This is a precious moment. I cried a little as you left, then some more and more and not wanting to sop around on such a beautiful day, so I made myself stop. And decided to tell you about it. I am overwhelmed. Today it is because I am so grateful. Grateful for sleep and some time alone. Grateful for Gina, your new friend and nanny. I awakened to the quiet morning. No one squealed, hummed, barked, whined, scratched on the door or called my name through the echoing kitchen. Instead, I heard birds. It was dark, the moon-glow surreal. I had slept. I stretched and got up, slipped out and closed the door so as not to disturb Grandpa. I flicked the switch on the coffee maker (which I’d readied the evening prior) and snuck a peek and your sleeping face amidst the fresh flannel comforter in the new bunk bed. I stand on my toes to see Liza, still soundly asleep in her crib, snuggled with a tightly wound blankie I got at Toys R Us last week. This is my time, I thought. Mine. (even if for just a few minutes). And it was.

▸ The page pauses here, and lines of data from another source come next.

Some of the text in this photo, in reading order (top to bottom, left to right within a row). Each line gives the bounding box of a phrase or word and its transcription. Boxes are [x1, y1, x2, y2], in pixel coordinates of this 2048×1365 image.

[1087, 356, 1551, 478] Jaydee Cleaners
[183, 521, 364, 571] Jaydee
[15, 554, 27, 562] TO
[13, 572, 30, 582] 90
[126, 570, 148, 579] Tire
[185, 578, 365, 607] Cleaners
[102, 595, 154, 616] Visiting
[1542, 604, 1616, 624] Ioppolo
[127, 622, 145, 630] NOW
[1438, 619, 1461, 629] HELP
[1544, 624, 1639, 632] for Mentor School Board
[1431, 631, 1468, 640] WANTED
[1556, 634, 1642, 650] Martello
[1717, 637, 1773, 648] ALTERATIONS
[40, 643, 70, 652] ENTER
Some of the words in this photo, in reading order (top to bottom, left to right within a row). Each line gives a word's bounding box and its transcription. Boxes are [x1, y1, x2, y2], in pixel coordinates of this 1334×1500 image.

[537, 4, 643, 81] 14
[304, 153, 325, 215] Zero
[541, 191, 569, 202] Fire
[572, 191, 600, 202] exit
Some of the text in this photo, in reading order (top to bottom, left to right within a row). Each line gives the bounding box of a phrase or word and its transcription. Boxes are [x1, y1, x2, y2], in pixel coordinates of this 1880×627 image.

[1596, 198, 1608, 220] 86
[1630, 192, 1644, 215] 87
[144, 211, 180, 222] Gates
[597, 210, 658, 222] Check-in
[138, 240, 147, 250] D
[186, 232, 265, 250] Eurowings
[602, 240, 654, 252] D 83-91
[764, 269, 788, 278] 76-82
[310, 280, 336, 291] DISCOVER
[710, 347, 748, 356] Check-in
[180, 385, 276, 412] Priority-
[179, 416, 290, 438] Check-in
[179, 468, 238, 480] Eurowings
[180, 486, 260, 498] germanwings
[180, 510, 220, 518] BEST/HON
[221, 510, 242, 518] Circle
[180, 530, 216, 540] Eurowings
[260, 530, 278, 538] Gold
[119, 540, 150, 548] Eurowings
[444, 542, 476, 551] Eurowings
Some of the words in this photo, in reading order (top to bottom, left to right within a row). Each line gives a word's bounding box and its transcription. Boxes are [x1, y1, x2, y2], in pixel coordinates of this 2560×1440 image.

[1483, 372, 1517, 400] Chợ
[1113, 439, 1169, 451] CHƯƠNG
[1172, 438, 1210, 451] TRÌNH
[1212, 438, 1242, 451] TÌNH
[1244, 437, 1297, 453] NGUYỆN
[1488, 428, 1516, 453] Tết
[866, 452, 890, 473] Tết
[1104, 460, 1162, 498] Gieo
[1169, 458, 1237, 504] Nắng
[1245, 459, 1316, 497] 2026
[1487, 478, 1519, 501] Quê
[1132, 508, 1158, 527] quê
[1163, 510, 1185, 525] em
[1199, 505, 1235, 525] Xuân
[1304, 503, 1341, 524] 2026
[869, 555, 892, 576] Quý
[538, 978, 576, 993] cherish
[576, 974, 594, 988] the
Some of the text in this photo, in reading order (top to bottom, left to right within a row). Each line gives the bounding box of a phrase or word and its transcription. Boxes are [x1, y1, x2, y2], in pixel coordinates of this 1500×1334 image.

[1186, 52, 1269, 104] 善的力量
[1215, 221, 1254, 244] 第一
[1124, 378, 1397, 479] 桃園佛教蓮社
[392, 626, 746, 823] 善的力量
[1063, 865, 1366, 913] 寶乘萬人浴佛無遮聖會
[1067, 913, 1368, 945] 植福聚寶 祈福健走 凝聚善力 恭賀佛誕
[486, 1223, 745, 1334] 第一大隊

Today Gina came at 9, stepped in, talked sweetly on her knees to each of you as she slipped on socks, shoes, one hand sliding sippy cups in the canvas bag, helped you with your jacket, moved your car seat into her car and said good-bye. She took charge. Just came in, wiped a teary face, carted you out and said she’d bring a receipt from a light lunch if that was okay and went to Mothersong with you. Just like that. Took charge. I had no idea how moved I’d be by this simple gift. How deep was my need to have someone take over. Just come in and take over. And leave me in peace for a few hours in the house.
I wandered around doing things that have been niggling at me; painted a spot above the mirror in the bathroom where we lowered the old mirror so you could see yourself. I put away and re-stacked the dishwasher, moved some things to the garage from the back porch and stored some of the too small clothes in zippered bags from the new flannel sheets. I ate an egg that stayed hot for the entire meal that I ate in one sitting. I am worried that I will waste this time. That I don’t have my wits about me. The last two hours I got were when Mommy and Daddy came over and I wanted to go to the store for groceries. I also wanted to get some Christmas cards, wrapping paper, a gift, your sheets, a mattress, some paint and some new socks for Liza, but I couldn’t make any one of the stops productive. No twin sheets at Costco, or twin mattresses or the gift or baby socks. Crowds and not a thing done. Out to baby bloomers for socks and got some pants and a shirt and overalls, but forgot the socks. Got groceries, but got nonfat milk instead of whole milk for you guys and forgot the beer. So frazzled, I had to ask myself out loud if red light meant go or stop. A lady beeped really loud then I knew I’d gotten it wrong. Red is hot, I had reasoned, so probably it means fast, like go fast. Dangerously low on brainpower. I stopped for a nutritional smoothie.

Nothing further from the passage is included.